EXERCISE BRIEF
Print the data once more, exactly as given. Drop the pictures.

DATA RECORDS
═══
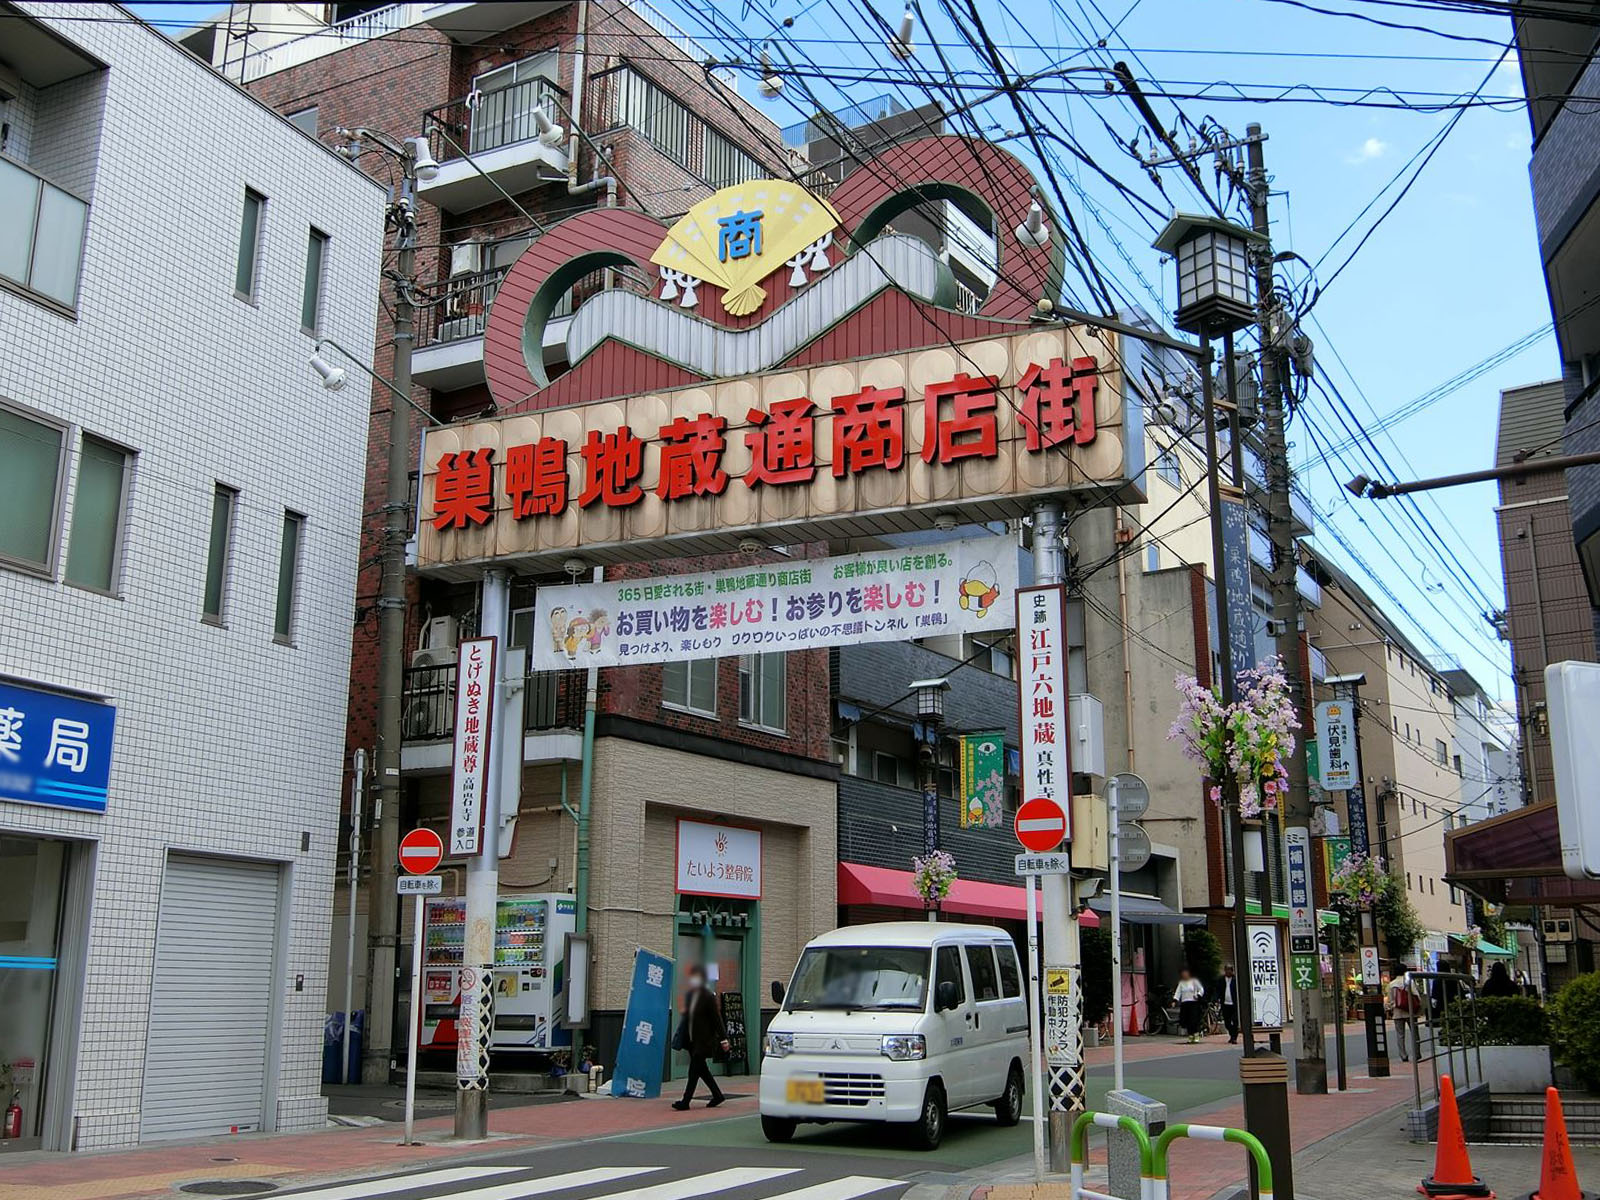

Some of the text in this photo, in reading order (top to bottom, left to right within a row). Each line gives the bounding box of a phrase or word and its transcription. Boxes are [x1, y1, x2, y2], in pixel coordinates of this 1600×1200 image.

[717, 210, 764, 262] 商
[432, 356, 1099, 529] 巣鴨地蔵通商店街
[1033, 594, 1047, 624] 史跡
[1031, 628, 1056, 745] 江戸六地蔵
[462, 645, 484, 822] とげぬき地蔵尊 高岩寺
[1327, 725, 1342, 770] 伏見歯科
[455, 839, 475, 850] 入口
[456, 826, 475, 838] 参道
[687, 859, 753, 882] たいよう整骨院
[1018, 857, 1065, 871] 自転車を除く
[1290, 850, 1306, 904] 補聴器
[400, 879, 438, 890] 自転車を除く
[1253, 960, 1277, 973] FREE
[1253, 973, 1278, 986] Wi-Fi
[1363, 960, 1376, 979] 令和
[626, 963, 664, 1098] 整骨院
[1057, 995, 1069, 1050] 防犯カメラ
═══
EXERCISE RESPONSE
Some of the text in this photo, in reading order (top to bottom, left to right within a row). Each line gives the bounding box of a phrase or word and its transcription. Boxes are [x1, y1, x2, y2], in pixel coordinates of this 1600×1200 image.

[717, 210, 764, 262] 商
[432, 356, 1099, 529] 巣鴨地蔵通商店街
[1033, 594, 1047, 624] 史跡
[1031, 628, 1056, 745] 江戸六地蔵
[462, 645, 484, 822] とげぬき地蔵尊 高岩寺
[1327, 725, 1342, 770] 伏見歯科
[455, 839, 475, 850] 入口
[456, 826, 475, 838] 参道
[687, 859, 753, 882] たいよう整骨院
[1018, 857, 1065, 871] 自転車を除く
[1290, 850, 1306, 904] 補聴器
[400, 879, 438, 890] 自転車を除く
[1253, 960, 1277, 973] FREE
[1253, 973, 1278, 986] Wi-Fi
[1363, 960, 1376, 979] 令和
[626, 963, 664, 1098] 整骨院
[1057, 995, 1069, 1050] 防犯カメラ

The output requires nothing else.